Do you know I didn’t know ‘found family’ was a thing?  I have learned a lot about the perspectives of avid readers (and reviewers) like you.  I find that to be so powerful.  In life, our family all started as strangers.  Two total strangers meet, fall in love and that right there is family.  In the book, I question what family actually is.  Redemption plays a big part as well.  A character that has a redemption arc will always feel less deserving of it than the reader thinks they should.

I love how you provide us with a pronunciation guide but then you say that as the reader we have full rights to pronounce things however we want to. Why is giving the power to your readers so important to you?

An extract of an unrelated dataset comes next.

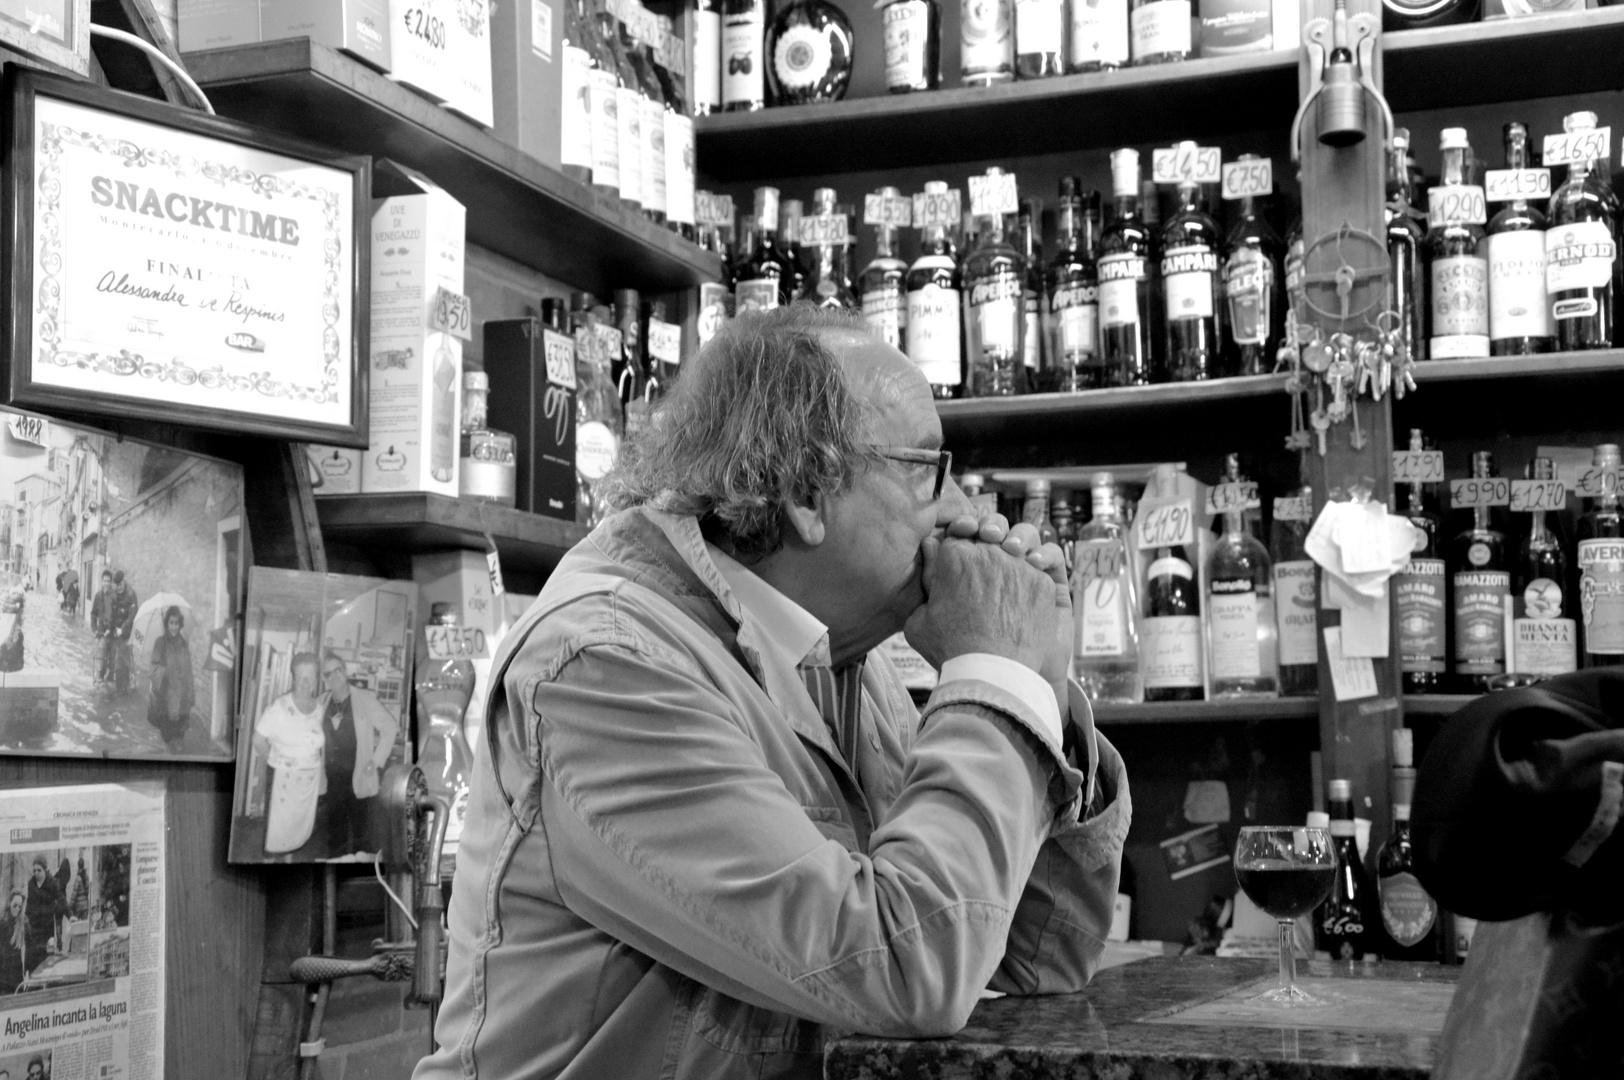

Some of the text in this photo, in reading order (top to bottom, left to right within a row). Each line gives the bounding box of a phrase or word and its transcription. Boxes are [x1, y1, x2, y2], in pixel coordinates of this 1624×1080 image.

When you write a book (especially fiction) you put your heart and soul into it and then one day you send it off into the cold world.  You cannot be there to care for it, nurture it, and protect it.  There are those who just want to find fault, tear things down, and be negative.   But then the book finds someone who cares for it, who loves it, who enjoys it, and who protects it.  It is like having your child lost in the wilderness and some kind person takes it under their wing.  They embrace it and give it the love it deserves, and in return your book gives them what they deserve—to be respected, to be loved, to have a good story with a proper payoff, to make them think, to laugh, to cry.

The pronunciation guide was my way of saying “Here’s how I hear it” but at the same time saying “However you say it is right because it is your child now.”

What authors who write similar stories do you draw inspiration from?

I’m weird about reading though.  Every time I get the urge to read I also get the urge to write—and writing always wins.  On top of that while I am writing I make sure to never read the works of others because I don’t want anyone else’s voice leaking into mine.  So I read surprisingly little fiction. Most of my reading turns out to be factual stuff—astronomy, psychology, science,

How can your readers best support you?

Well, support in the truest sense would be to seek out my books and consume them.  Support in a very meaningful way would be for them to, if they enjoy my work, talk about my books, suggest my books to their book clubs, to request my books from their local library.  I get such a kick out of being contacted by a book club, just like I get a kick out of chatting with you.  As an author, you are in a vacuum a lot.  As an indie author, it’s potentially an even bigger vacuum.

What is your favorite baked good to eat while reading, writing, or brainstorming? 

Ha, I love this question.  I hardly ever eat stuff like that while writing though when I’m at a cafe sometimes I’m naughty and have a chocolate croissant or pumpkin cranberry muffin.  Mmm, muffins.

What should we expect to come next for you?

That’s a good question.  Since The Sword and the Sunflower trilogy, I released Three Voices, a nonfiction that explains that we have three ways we communicate with ourselves and others, and it was endorsed by a clinical psychologist.  Last month I released The Devil’s in the Details, my first novella.  It created a bit of a stir.